6 Replies to “Get Who Pedalling?”

  1. I’ve not been on a bike in 30 years but am now faced with a 57 minute walk to my elderly parents or to get on a bike (google promises me on a bike it will be 20 mins). And I think you are right the lycra clad bloke is off putting. I spoke to my brother a seasoned cyclist around Cambridge and he cycled across Ethopia with his bride on honeymoon! But he was really refreshing and encouraging. Pointing out that an old fashioned bike was often the most comfortable, to make my first trips out as easy as possible, to train up and remember to go at a slow and steady pace would still be masses quicker than walking. I’ve also got health issues and it was very helpful. He also gave me immensely practical advice about chosing a bicycle.

    1. That’s fantastic to hear. Wonderful advice from your brother. Take your time, enjoy the fresh air and exercise. Let me know how you get on.
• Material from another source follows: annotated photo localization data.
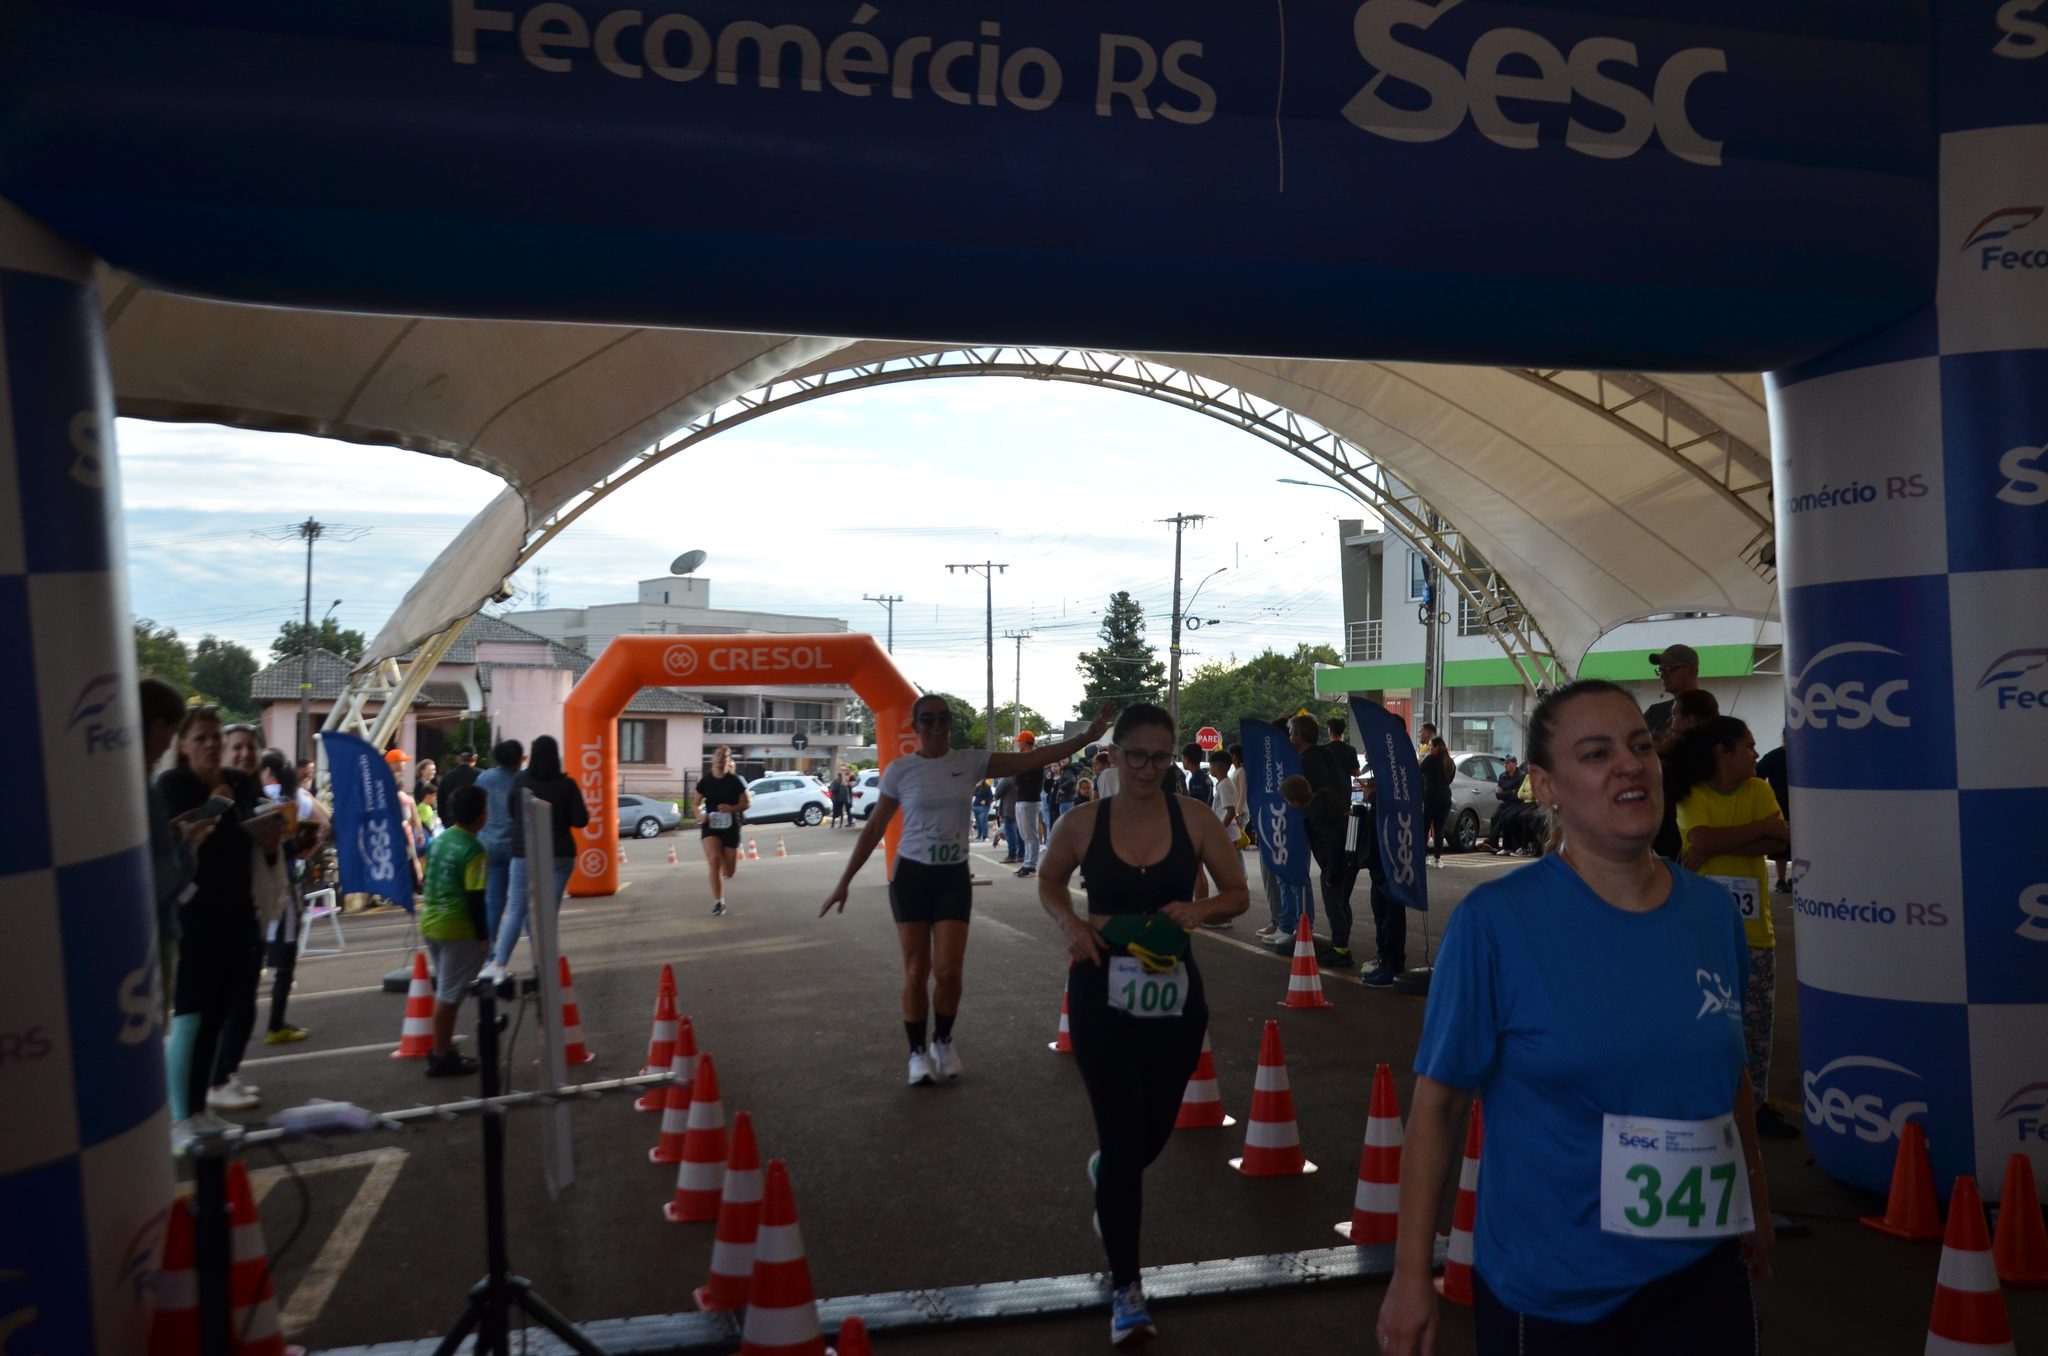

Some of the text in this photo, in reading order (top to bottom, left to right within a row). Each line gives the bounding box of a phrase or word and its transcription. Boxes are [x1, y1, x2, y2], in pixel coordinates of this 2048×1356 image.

[450, 0, 1217, 125] Fecomércio RS
[1886, 473, 1929, 500] RS
[707, 646, 832, 673] CRESOL
[1197, 734, 1218, 743] PARE
[580, 734, 605, 842] CRESOL
[927, 843, 961, 862] 102
[1905, 902, 1949, 927] RS
[1121, 978, 1178, 1012] 100
[1623, 1160, 1737, 1228] 347
  2. As a newbie back on my bike after a good few many years I so relate to your article. The cycling gang can be very intimidating and in time I hope to ride more. But at the moment I’m happy to get out the house, ride with my family. As much as I love to ride more for transportation, I’m a Brit now living in Canada and live rurally. Looking forward to being able to join a women’s riding group in the future.

  3. The main thing is indeed to keep the momentum and I’m swinging between extremes of “going back to worse as before (because no one wants to use trains or buses)” and “finally on our way to decent infrastructure”.
    I’m hoping that all those people that have over the years found it incredulous that you can have children and not use a car will slowly realise this is true and a few of them make the change. Or not even change – addition of a bike is a good start.

    How is it going in Edinburgh? I’ve been reading jealously that measures are being put into place. In Clacks there’s not much happening although there was a lot less traffic to begin with…

    1. I’ve not seen much progress in Edinburgh, but to be fair I don’t go anywhere! There has been one road closed to traffic near me in order to provide space for walking and cycling, however this does appear to be something of a token gesture. The road in question was one way to cars and 2 ways to bikes anyway and runs parallel to a 4 lane main road….which most people have to cross to get to the closed road, yet there is no crossing and with the roads getting busier, this is now very difficult to cross. I’m trying to hang in there and see this as the start of more people travelling actively, but I have already heard of people put off by the increasing number of vehicles on the roads.